▼▼▼

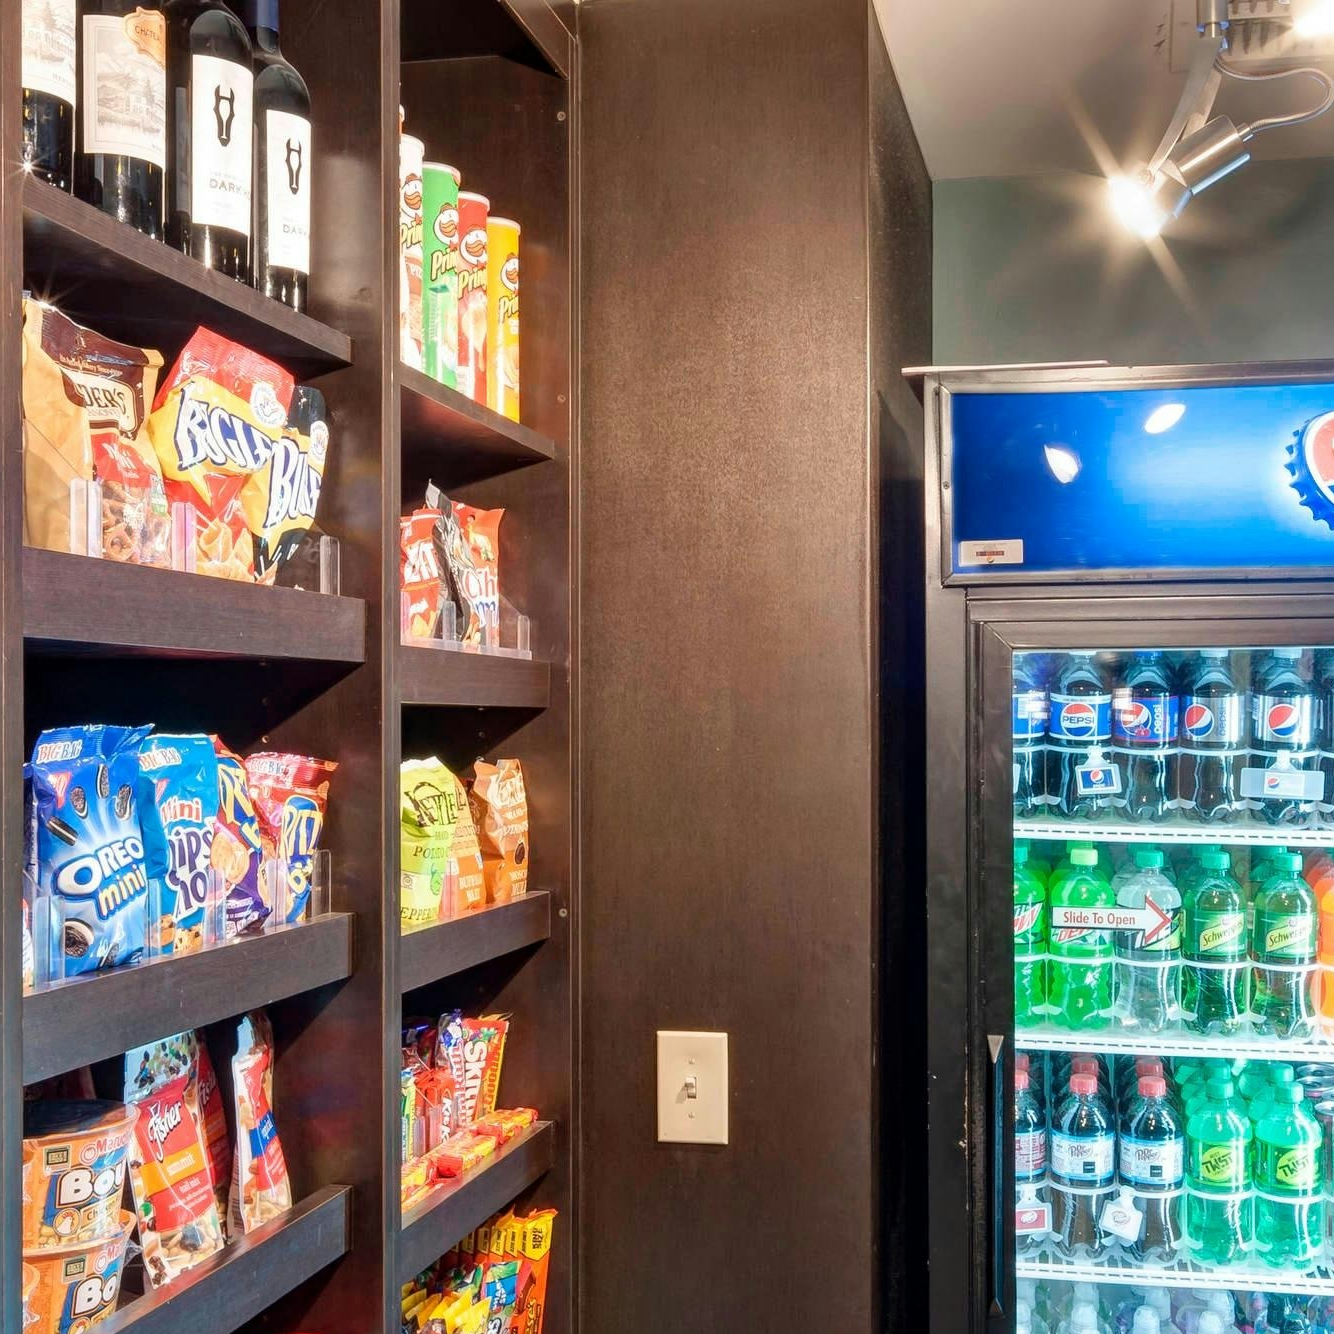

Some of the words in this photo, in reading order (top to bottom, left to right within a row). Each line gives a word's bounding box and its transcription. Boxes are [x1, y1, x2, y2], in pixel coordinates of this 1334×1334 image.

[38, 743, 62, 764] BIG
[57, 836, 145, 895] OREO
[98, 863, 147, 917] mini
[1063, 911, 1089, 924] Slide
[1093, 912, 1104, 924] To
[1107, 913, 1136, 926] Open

▲▲▲

▶ _Your task_: Retype the data word for word and keep the pictures out of it.

▶ _Reply_:
Some of the words in this photo, in reading order (top to bottom, left to right within a row). Each line gives a word's bounding box and its transcription. Boxes are [x1, y1, x2, y2], in pixel coordinates of this 1334×1334 image.

[38, 743, 62, 764] BIG
[57, 836, 145, 895] OREO
[98, 863, 147, 917] mini
[1063, 911, 1089, 924] Slide
[1093, 912, 1104, 924] To
[1107, 913, 1136, 926] Open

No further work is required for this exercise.